» Task objective
Would you return all of this data exactly, leaving nothing out?

» Records shown
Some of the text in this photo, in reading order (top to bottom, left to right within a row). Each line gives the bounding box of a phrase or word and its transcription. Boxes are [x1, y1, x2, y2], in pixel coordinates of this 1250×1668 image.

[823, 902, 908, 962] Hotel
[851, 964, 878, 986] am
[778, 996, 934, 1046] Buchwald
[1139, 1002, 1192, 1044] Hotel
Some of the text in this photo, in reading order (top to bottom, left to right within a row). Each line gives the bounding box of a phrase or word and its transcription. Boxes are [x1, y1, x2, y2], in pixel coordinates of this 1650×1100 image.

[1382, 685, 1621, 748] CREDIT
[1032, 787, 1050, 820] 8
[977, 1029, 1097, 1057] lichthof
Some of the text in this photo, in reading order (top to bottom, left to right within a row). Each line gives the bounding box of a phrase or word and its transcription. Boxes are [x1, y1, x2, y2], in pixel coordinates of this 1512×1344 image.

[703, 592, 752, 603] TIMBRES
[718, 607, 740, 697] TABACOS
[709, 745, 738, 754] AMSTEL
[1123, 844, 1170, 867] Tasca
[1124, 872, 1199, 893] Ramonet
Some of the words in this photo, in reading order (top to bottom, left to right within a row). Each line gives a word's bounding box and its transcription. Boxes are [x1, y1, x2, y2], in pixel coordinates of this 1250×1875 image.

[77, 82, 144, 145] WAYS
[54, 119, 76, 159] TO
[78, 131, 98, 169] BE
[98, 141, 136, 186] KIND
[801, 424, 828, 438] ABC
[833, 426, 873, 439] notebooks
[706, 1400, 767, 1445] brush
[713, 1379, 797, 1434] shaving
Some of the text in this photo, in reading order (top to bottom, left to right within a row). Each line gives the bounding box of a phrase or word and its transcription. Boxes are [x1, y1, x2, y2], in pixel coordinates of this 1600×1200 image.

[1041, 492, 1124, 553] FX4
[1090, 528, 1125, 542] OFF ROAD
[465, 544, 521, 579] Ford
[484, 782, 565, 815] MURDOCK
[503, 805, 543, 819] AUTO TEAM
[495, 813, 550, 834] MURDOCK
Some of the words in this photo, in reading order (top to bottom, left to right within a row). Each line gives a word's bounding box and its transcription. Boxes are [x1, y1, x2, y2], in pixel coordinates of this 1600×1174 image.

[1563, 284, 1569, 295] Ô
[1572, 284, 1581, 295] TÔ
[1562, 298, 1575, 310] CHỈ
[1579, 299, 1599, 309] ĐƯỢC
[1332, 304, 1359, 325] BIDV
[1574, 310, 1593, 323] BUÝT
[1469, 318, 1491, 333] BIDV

» Response to this task
Some of the text in this photo, in reading order (top to bottom, left to right within a row). Each line gives the bounding box of a phrase or word and its transcription. Boxes are [x1, y1, x2, y2], in pixel coordinates of this 1250×1668 image.

[823, 902, 908, 962] Hotel
[851, 964, 878, 986] am
[778, 996, 934, 1046] Buchwald
[1139, 1002, 1192, 1044] Hotel
Some of the text in this photo, in reading order (top to bottom, left to right within a row). Each line gives the bounding box of a phrase or word and its transcription. Boxes are [x1, y1, x2, y2], in pixel coordinates of this 1650×1100 image.

[1382, 685, 1621, 748] CREDIT
[1032, 787, 1050, 820] 8
[977, 1029, 1097, 1057] lichthof
Some of the text in this photo, in reading order (top to bottom, left to right within a row). Each line gives the bounding box of a phrase or word and its transcription. Boxes are [x1, y1, x2, y2], in pixel coordinates of this 1512×1344 image.

[703, 592, 752, 603] TIMBRES
[718, 607, 740, 697] TABACOS
[709, 745, 738, 754] AMSTEL
[1123, 844, 1170, 867] Tasca
[1124, 872, 1199, 893] Ramonet
Some of the words in this photo, in reading order (top to bottom, left to right within a row). Each line gives a word's bounding box and its transcription. Boxes are [x1, y1, x2, y2], in pixel coordinates of this 1250×1875 image.

[77, 82, 144, 145] WAYS
[54, 119, 76, 159] TO
[78, 131, 98, 169] BE
[98, 141, 136, 186] KIND
[801, 424, 828, 438] ABC
[833, 426, 873, 439] notebooks
[706, 1400, 767, 1445] brush
[713, 1379, 797, 1434] shaving
Some of the text in this photo, in reading order (top to bottom, left to right within a row). Each line gives the bounding box of a phrase or word and its transcription. Boxes are [x1, y1, x2, y2], in pixel coordinates of this 1600×1200 image.

[1041, 492, 1124, 553] FX4
[1090, 528, 1125, 542] OFF ROAD
[465, 544, 521, 579] Ford
[484, 782, 565, 815] MURDOCK
[503, 805, 543, 819] AUTO TEAM
[495, 813, 550, 834] MURDOCK
Some of the words in this photo, in reading order (top to bottom, left to right within a row). Each line gives a word's bounding box and its transcription. Boxes are [x1, y1, x2, y2], in pixel coordinates of this 1600×1174 image.

[1563, 284, 1569, 295] Ô
[1572, 284, 1581, 295] TÔ
[1562, 298, 1575, 310] CHỈ
[1579, 299, 1599, 309] ĐƯỢC
[1332, 304, 1359, 325] BIDV
[1574, 310, 1593, 323] BUÝT
[1469, 318, 1491, 333] BIDV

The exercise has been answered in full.